§ WORK ITEM
Set down the data below exactly; pictures stay out.

[SUPPLIED MATERIAL]

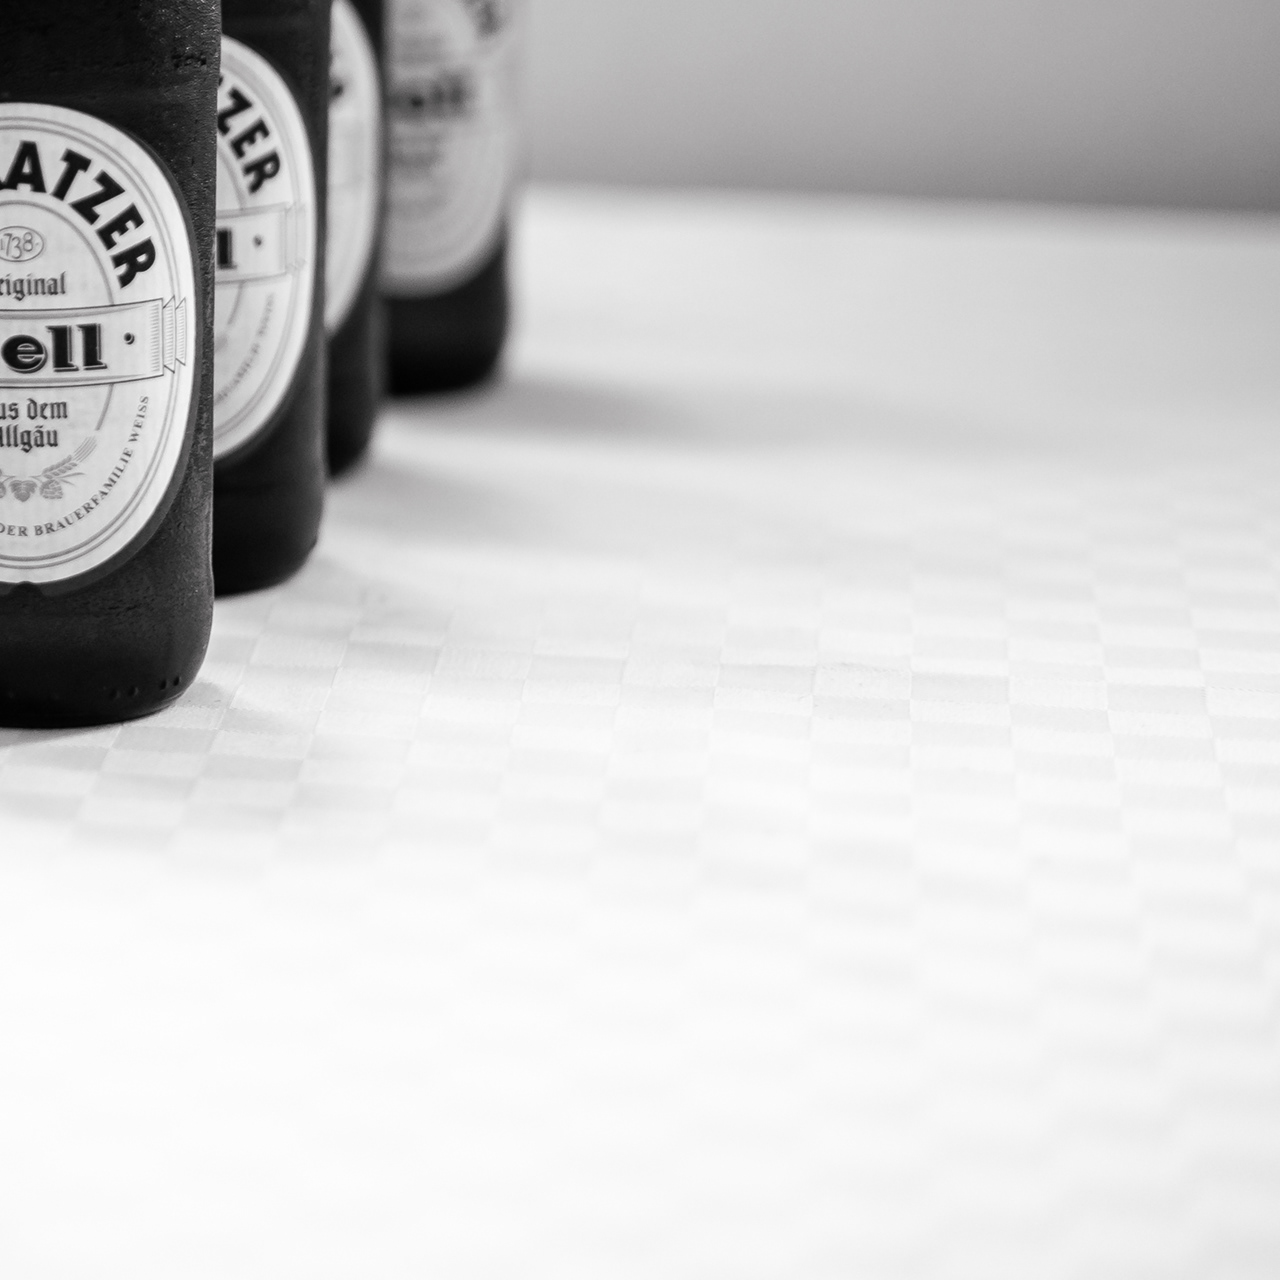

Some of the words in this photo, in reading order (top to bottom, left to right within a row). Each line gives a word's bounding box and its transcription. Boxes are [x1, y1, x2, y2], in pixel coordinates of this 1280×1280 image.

[27, 398, 69, 420] dem
[34, 447, 134, 536] BRAUERFAMILIE
[129, 395, 149, 444] WEISS
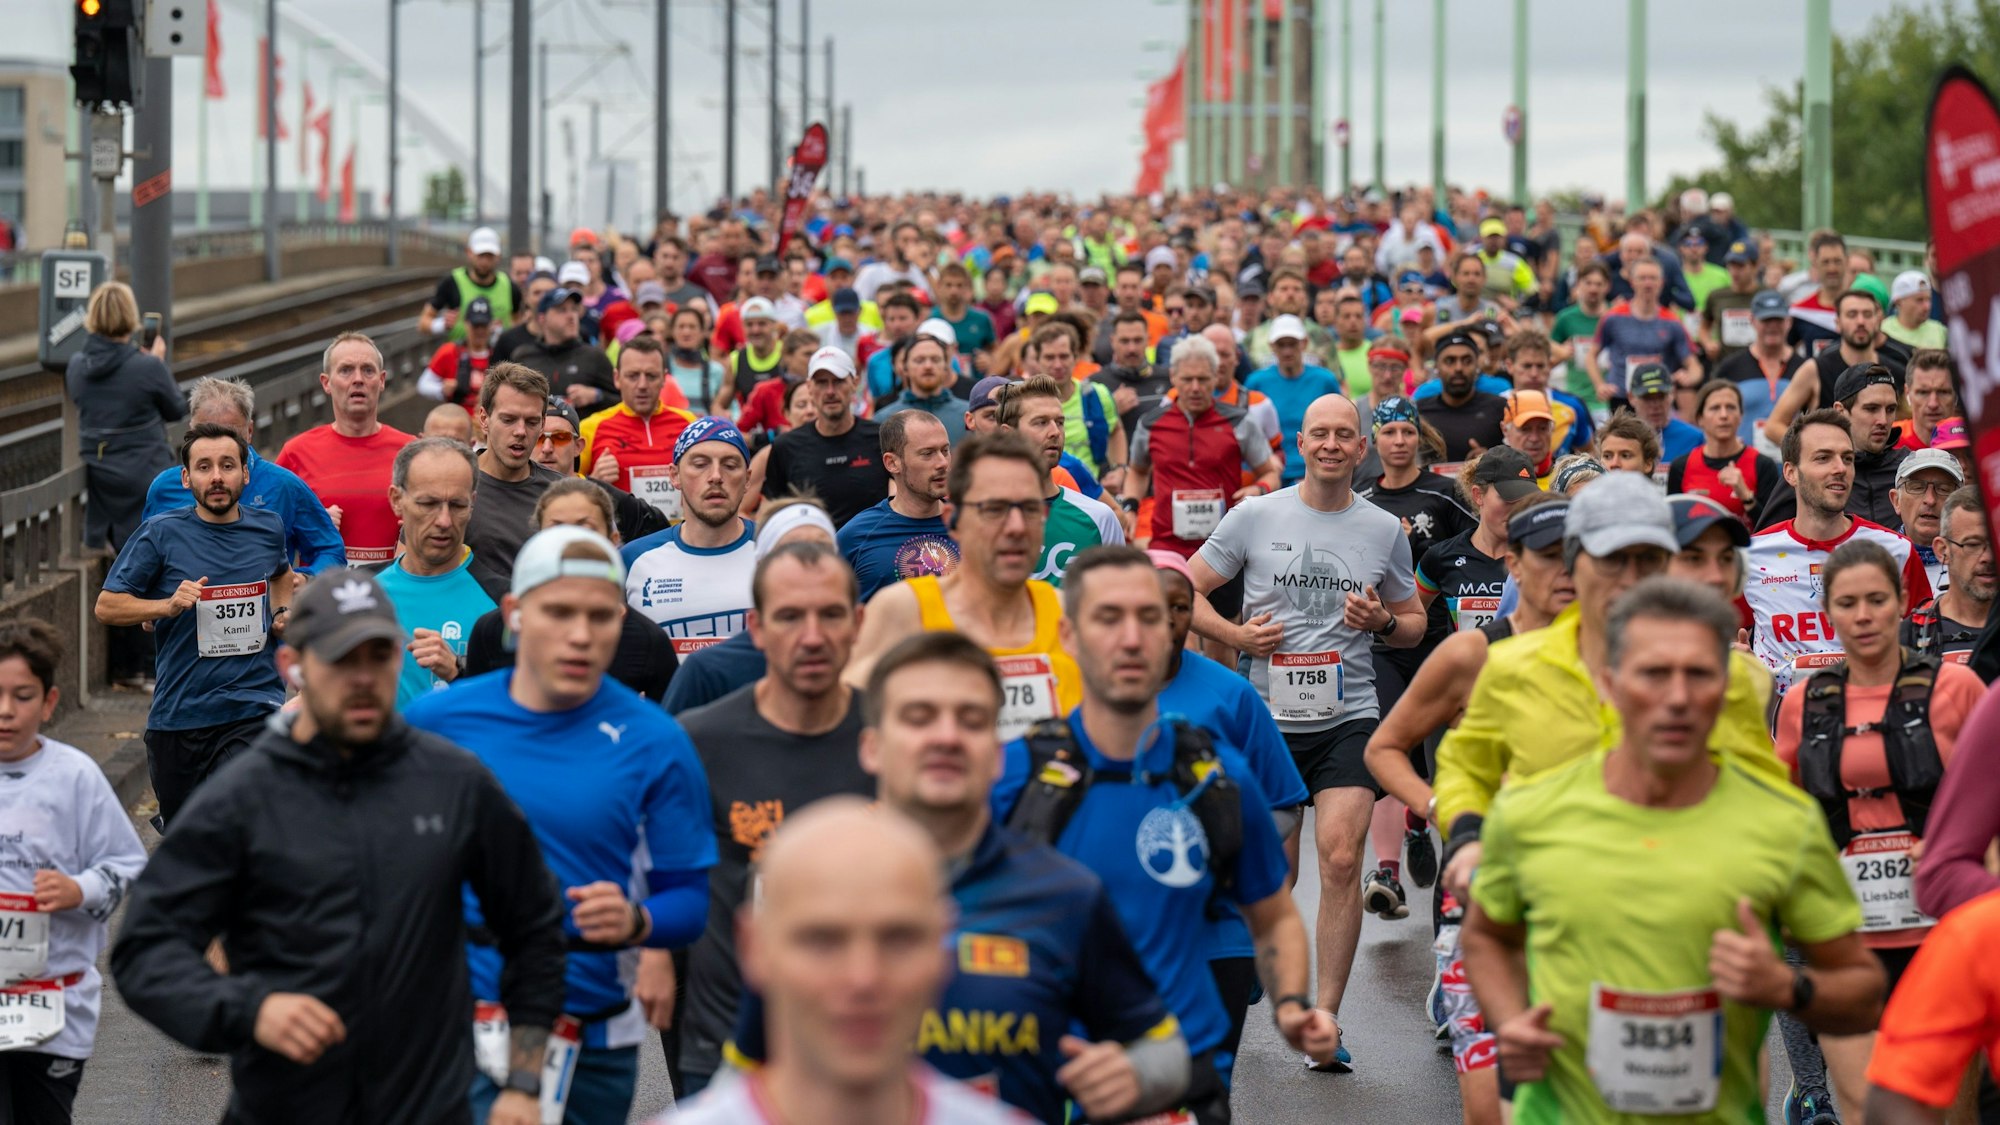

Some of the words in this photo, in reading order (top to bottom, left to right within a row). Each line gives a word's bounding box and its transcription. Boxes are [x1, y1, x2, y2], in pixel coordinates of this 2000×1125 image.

[59, 269, 87, 288] SF
[356, 551, 387, 559] GENERALI
[1273, 573, 1362, 593] MARATHON
[1762, 575, 1798, 585] uhlsport
[223, 586, 258, 597] GENERALI
[1458, 582, 1505, 594] MAC
[216, 602, 255, 619] 3573
[224, 625, 250, 635] Kamil
[1294, 655, 1330, 664] GENERALI
[1286, 670, 1327, 685] 1758
[1299, 692, 1315, 700] Ole
[1857, 858, 1911, 881] 2362
[1863, 889, 1909, 902] Liesbet
[917, 1007, 1039, 1055] ANKA

[/SUPPLIED MATERIAL]

§ PROBLEM SOLUTION
Some of the words in this photo, in reading order (top to bottom, left to right within a row). Each line gives a word's bounding box and its transcription. Boxes are [x1, y1, x2, y2], in pixel coordinates of this 1280×1280 image.

[27, 398, 69, 420] dem
[34, 447, 134, 536] BRAUERFAMILIE
[129, 395, 149, 444] WEISS

Some of the words in this photo, in reading order (top to bottom, left to right within a row). Each line gives a word's bounding box and its transcription. Boxes are [x1, y1, x2, y2], in pixel coordinates of this 2000×1125 image.

[59, 269, 87, 288] SF
[356, 551, 387, 559] GENERALI
[1273, 573, 1362, 593] MARATHON
[1762, 575, 1798, 585] uhlsport
[223, 586, 258, 597] GENERALI
[1458, 582, 1505, 594] MAC
[216, 602, 255, 619] 3573
[224, 625, 250, 635] Kamil
[1294, 655, 1330, 664] GENERALI
[1286, 670, 1327, 685] 1758
[1299, 692, 1315, 700] Ole
[1857, 858, 1911, 881] 2362
[1863, 889, 1909, 902] Liesbet
[917, 1007, 1039, 1055] ANKA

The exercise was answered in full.